Sans ôter les mains de ses poches il me suivit dans l'entrée, prit un virage brusque, comme s'il marchait sur une corde raide, et s'engouffra dans le salon. C'était vraiment bizarre. Conscient que mon propre cœur battait bruyamment, je refermai la porte sur la pluie qui redoublait.
Il y eut trente secondes de silence total. Puis, du salon, me parvinrent un chuchotement étouffé, une amorce de rire et enfin la voix de Daisy, artificiellement aiguë :
« Vraiment, je suis absolument ravie de te revoir. »
Un ange passa. À une lenteur épouvantable.
N'ayant rien à faire dans l'entrée, je les rejoignis au salon.
Gatsby, les mains toujours dans les poches, adossé à la cheminée, s'efforçait d'avoir l'air parfaitement à l'aise, voire de s'ennuyer. Il avait la tête rejetée en arrière, appuyée au cadran de la vieille pendule qui ornait mon dessus de cheminée, et, figé dans cette posture, il baissait des yeux affolés vers Daisy, assise à l'extrême bord d'une chaise, effarouchée mais ravissante.
« Nous nous sommes déjà rencontrés », grommela Gatsby. Il me fixa un instant et ses lèvres ébauchèrent un rire avorté. Par chance, la pendule choisit ce moment pour osciller dangereusement sous la pression de sa tête, sur quoi il se retourna, la saisit d'une main tremblante et la remit en place. Puis il s'assit avec raideur sur le sofa, posa son coude sur l'accoudoir et la main sur son genou.

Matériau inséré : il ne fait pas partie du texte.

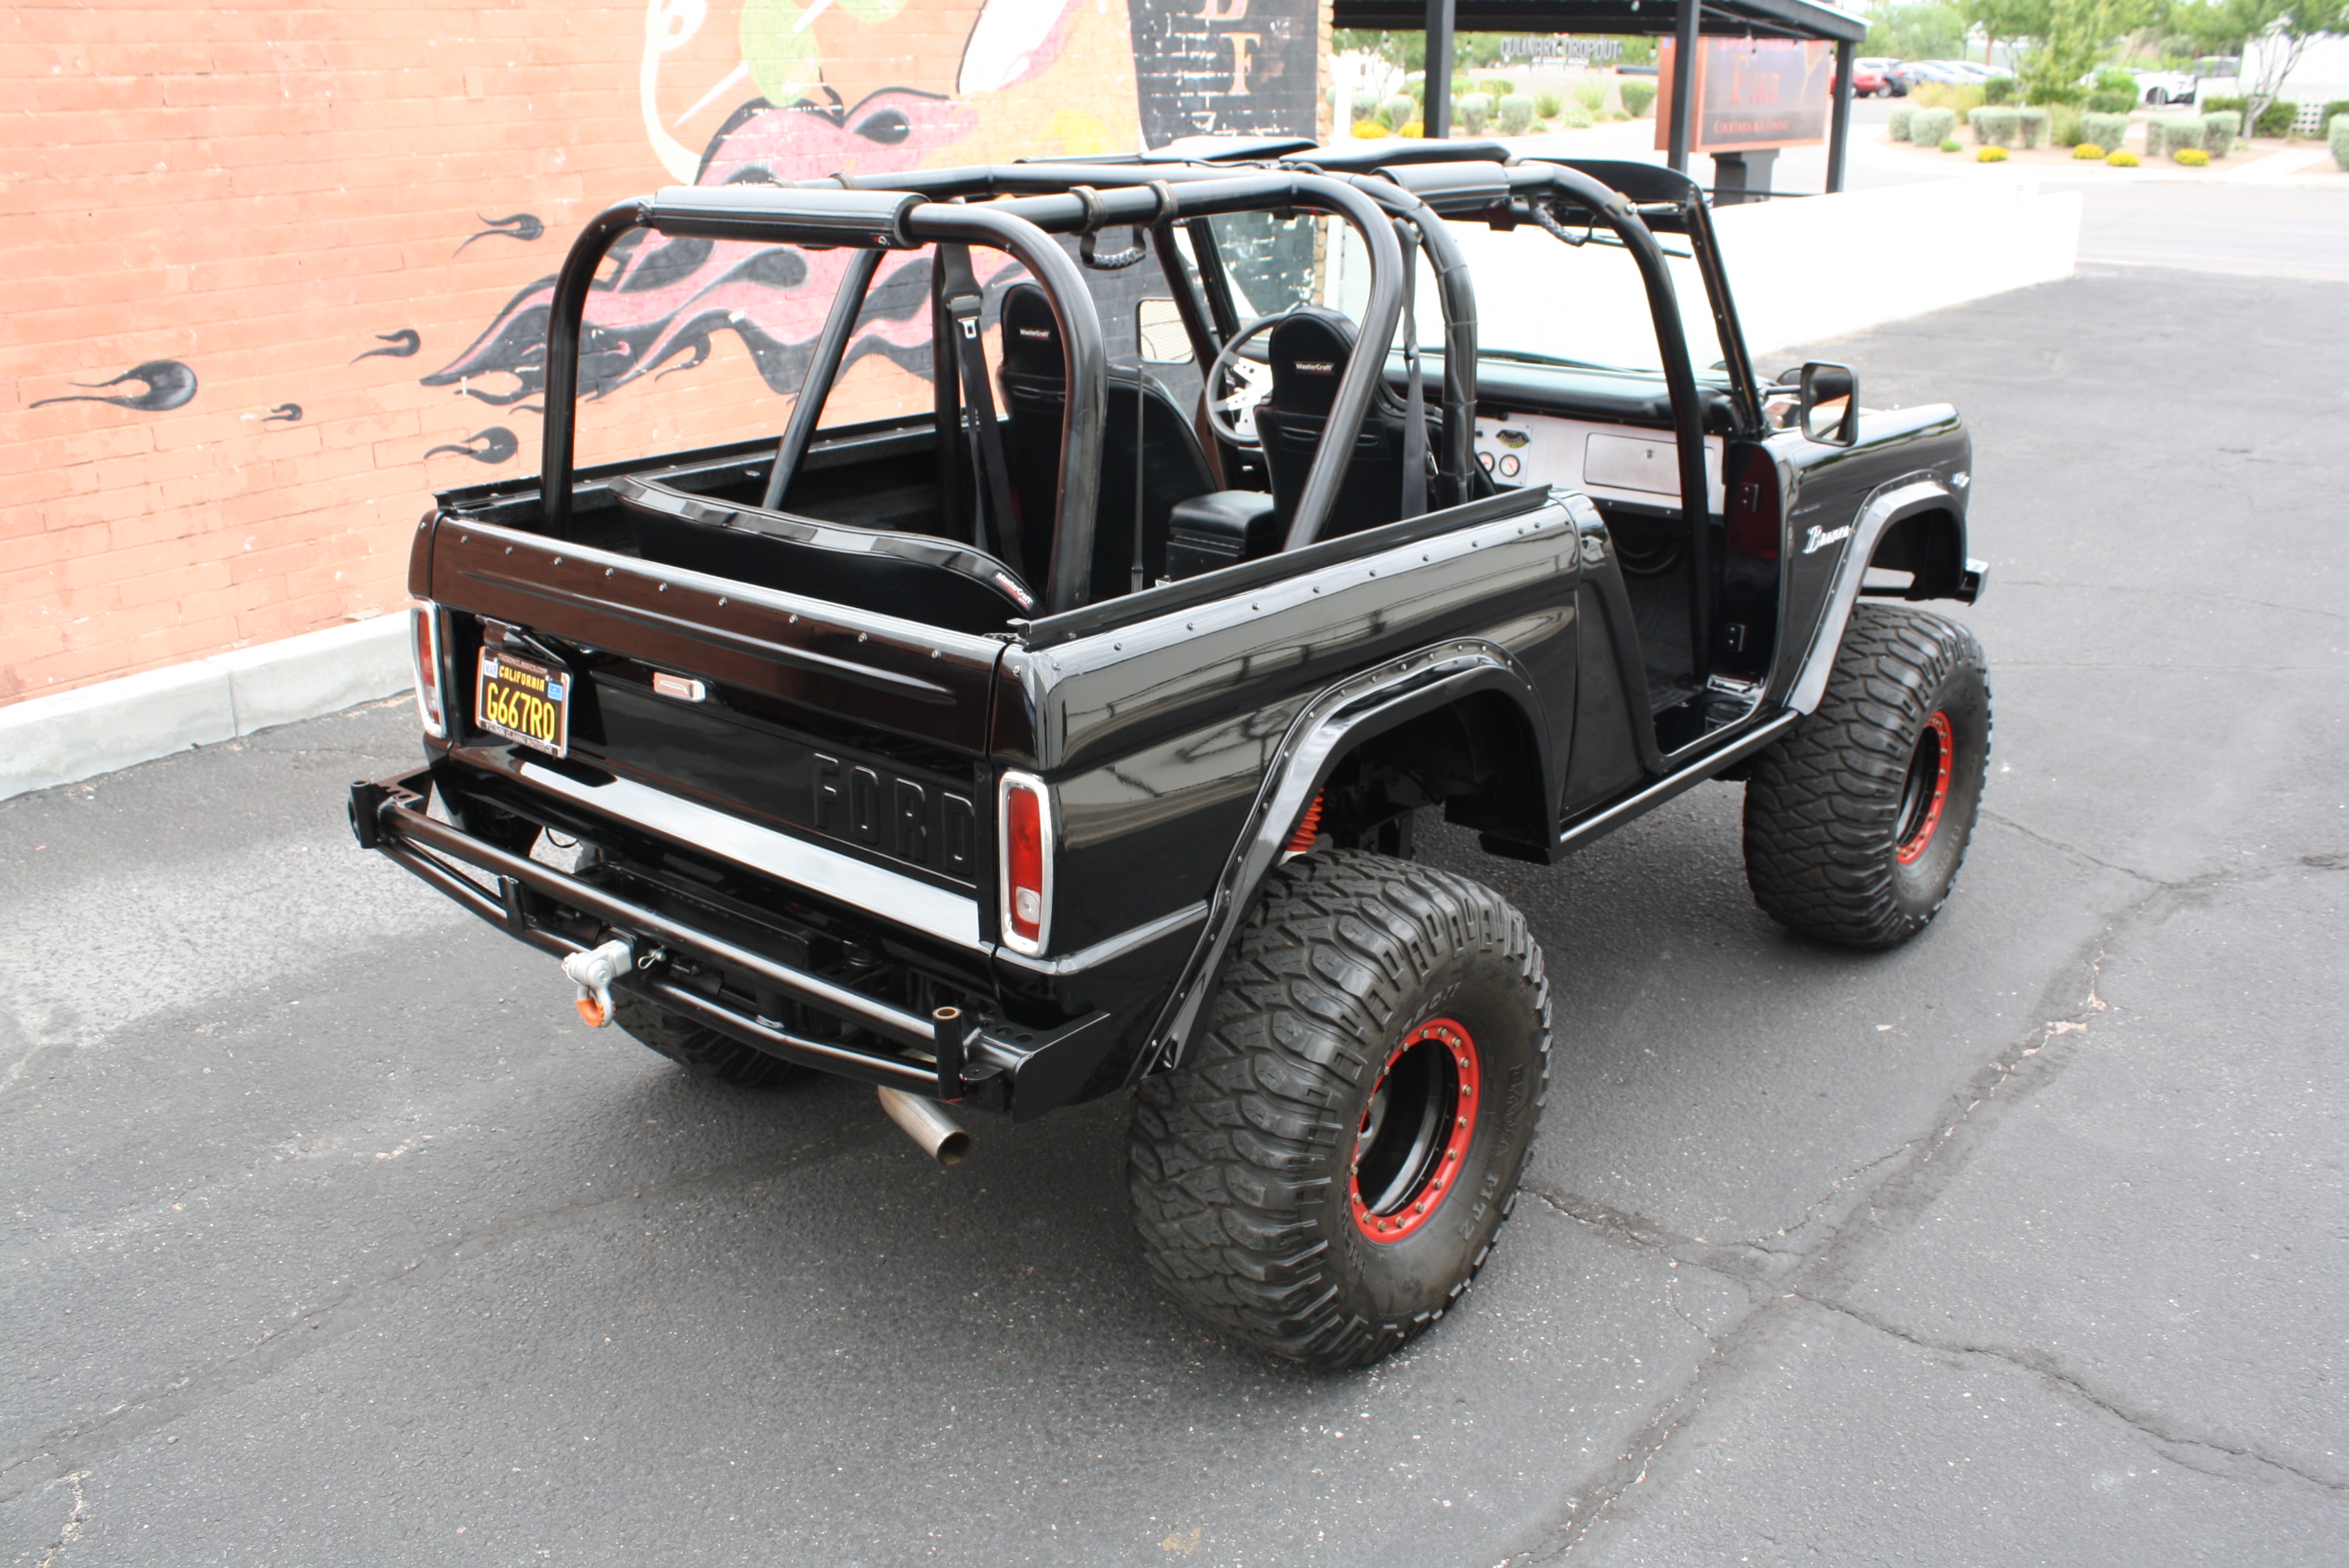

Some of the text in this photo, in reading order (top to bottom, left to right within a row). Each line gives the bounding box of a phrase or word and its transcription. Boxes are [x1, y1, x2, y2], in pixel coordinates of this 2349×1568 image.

[1501, 38, 1620, 59] CULINARY DROPOUT
[996, 572, 1034, 604] MasterCraft
[485, 661, 498, 676] MAR
[499, 665, 545, 692] CALIFORNIA
[813, 752, 974, 877] FORD
[1458, 1172, 1500, 1241] MTZ
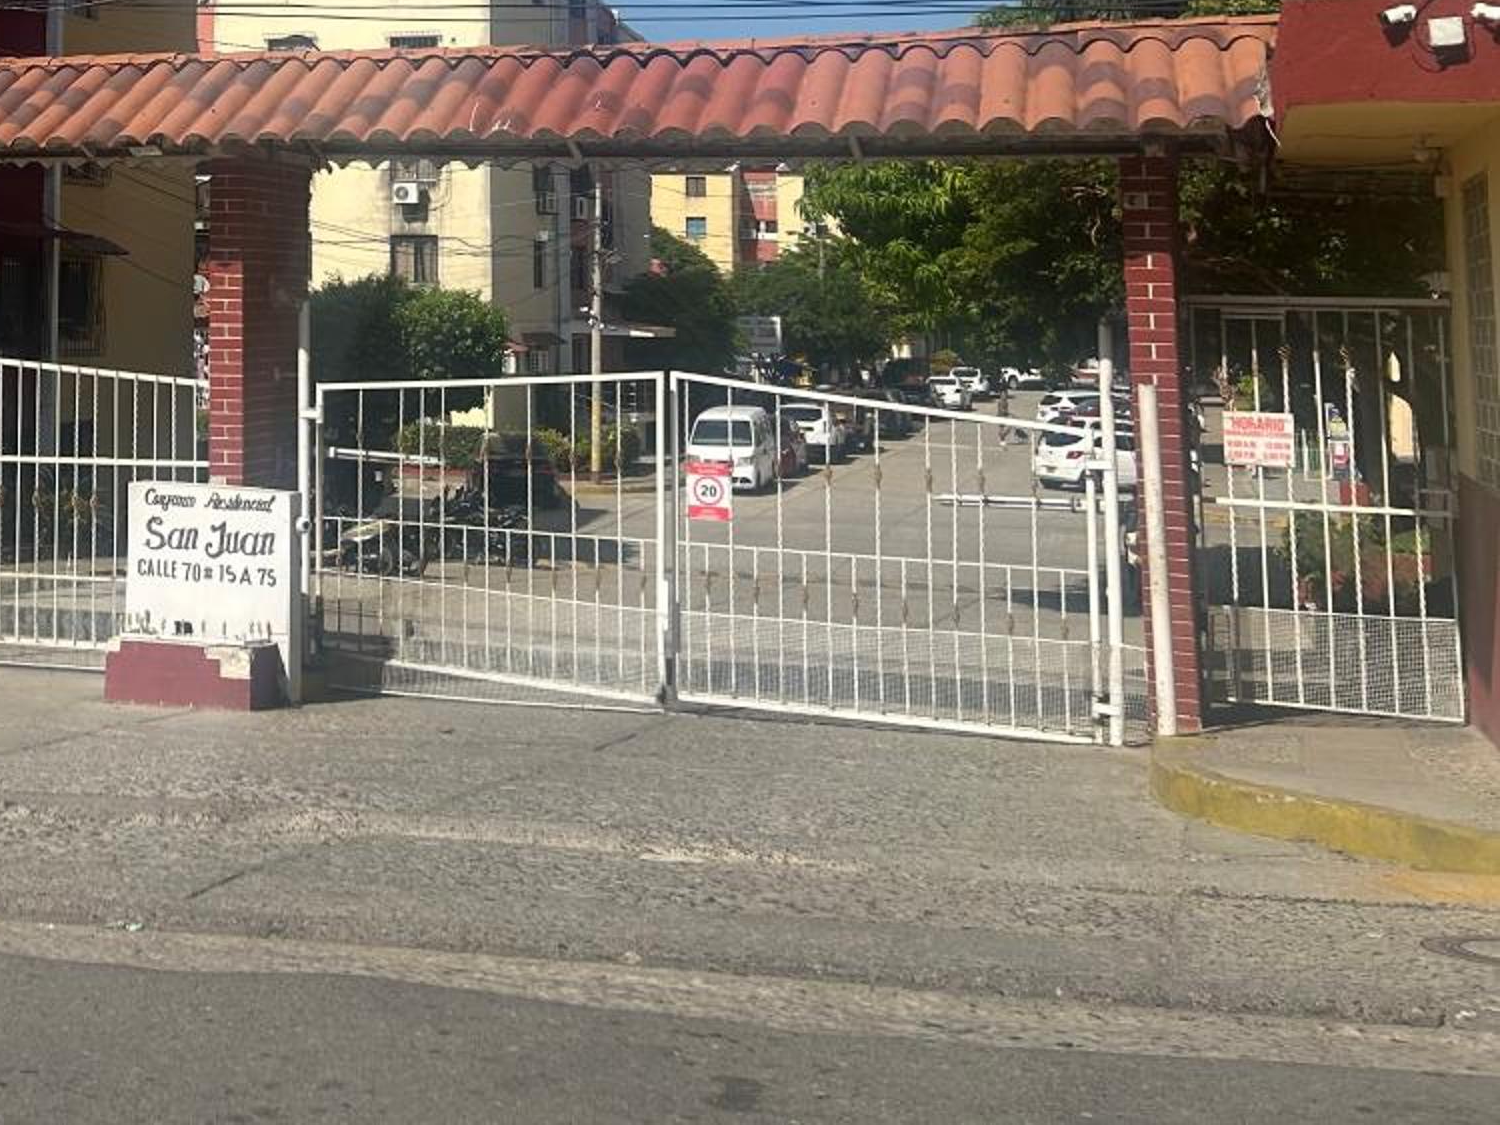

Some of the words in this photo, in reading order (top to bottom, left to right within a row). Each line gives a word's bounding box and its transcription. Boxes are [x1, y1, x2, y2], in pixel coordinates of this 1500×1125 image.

[700, 484, 717, 497] 20
[144, 515, 199, 550] San
[205, 521, 276, 558] Juan
[137, 558, 177, 579] CALLE
[181, 562, 201, 582] 70
[257, 567, 276, 587] 75
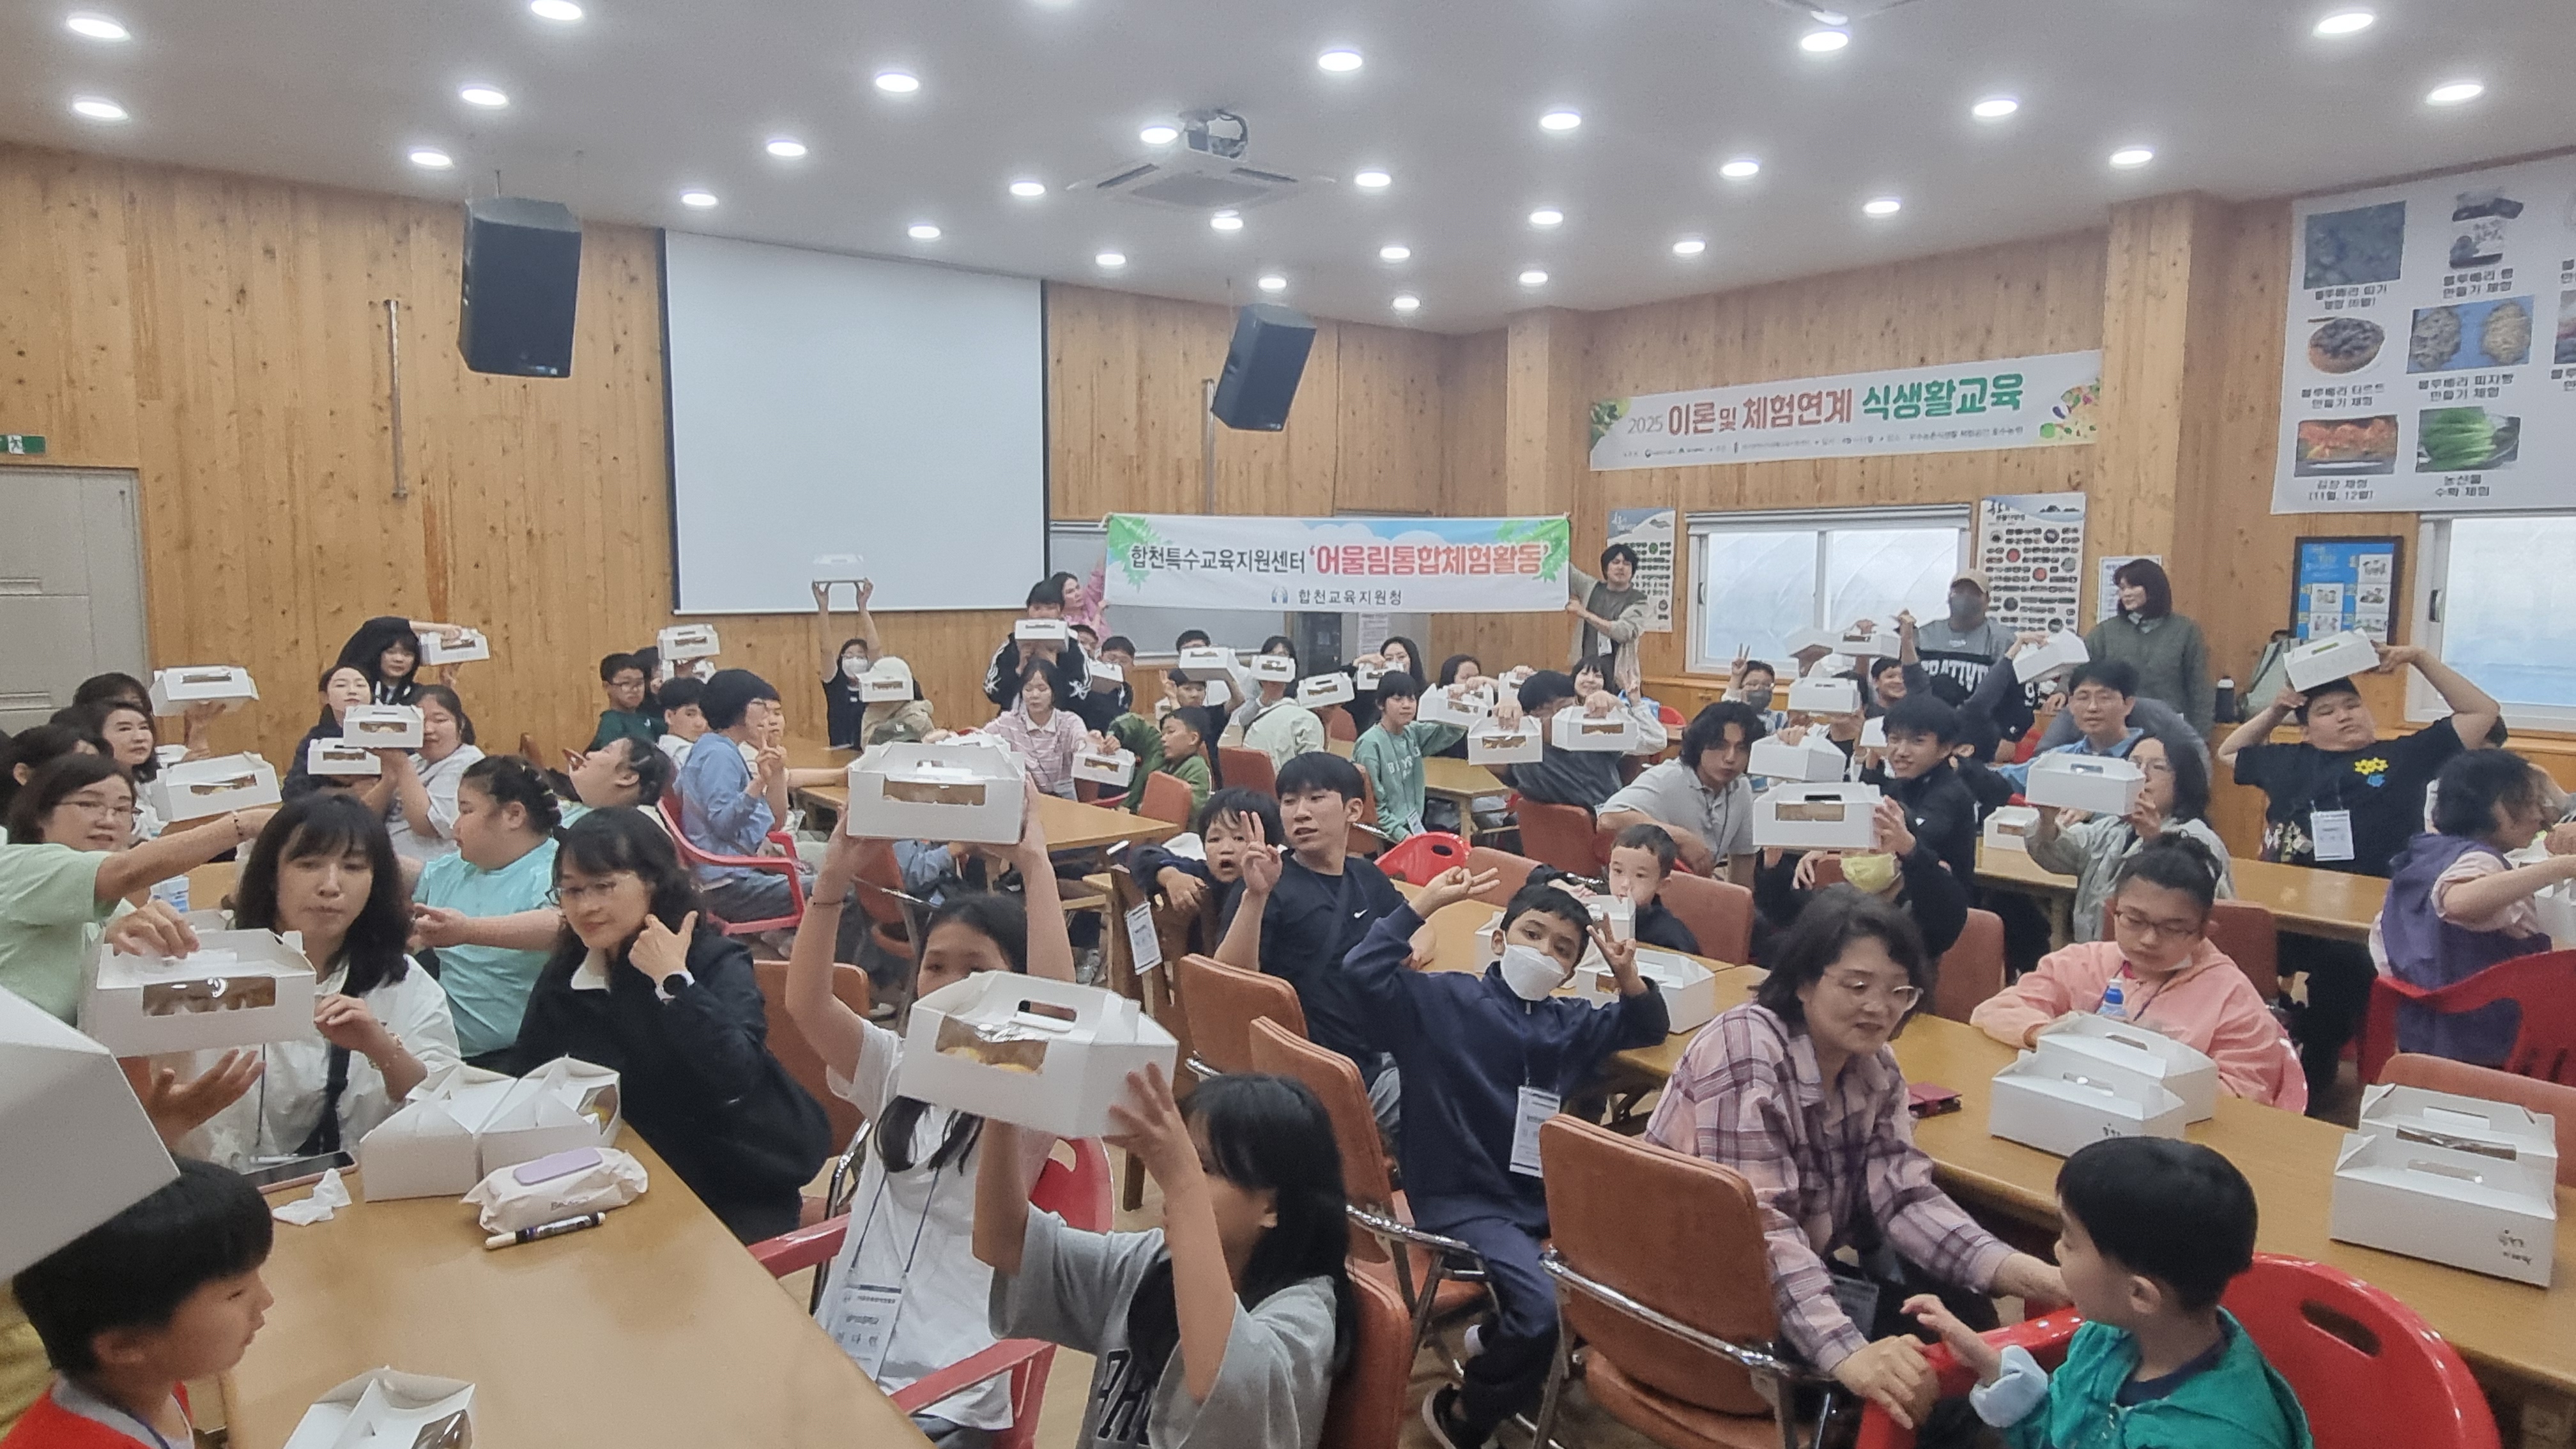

« Désolé pour la pendule », dit-il.
Mon propre visage arborait maintenant une rougeur tropicale. J'étais incapable de choisir parmi les milliers de lieux communs qui me venaient à l'esprit.
« C'est une vieille pendule », dis-je bêtement.
Je pense que nous avons tous cru, un bref instant, qu'elle avait volé en éclats sur le plancher.
« Nous ne nous sommes pas vus depuis des années, dit Daisy, d'une voix aussi neutre que possible.
— Cela fera cinq ans en novembre. »
La réponse de Gatsby, débitée avec une précision mécanique, avait réduit à néant tous nos efforts et le silence s'installa de nouveau. Une minute passa, peut-être plus. En désespoir de cause, je réussis à les remettre debout tous les deux en leur suggérant de venir m'aider à préparer le thé dans la cuisine, lorsque ma diabolique Finlandaise l'apporta sur un plateau.
Dans la confusion qui accueillit les tasses et les gâteaux, la situation retrouva un semblant de normalité. Gatsby se retira dans un coin sombre et, tandis que je parlais avec Daisy, son regard se posait consciencieusement tantôt sur elle, tantôt sur moi, tendu et malheureux. Cependant, comme le calme ne pouvait constituer une fin en soi, je saisis le premier prétexte pour m'esquiver.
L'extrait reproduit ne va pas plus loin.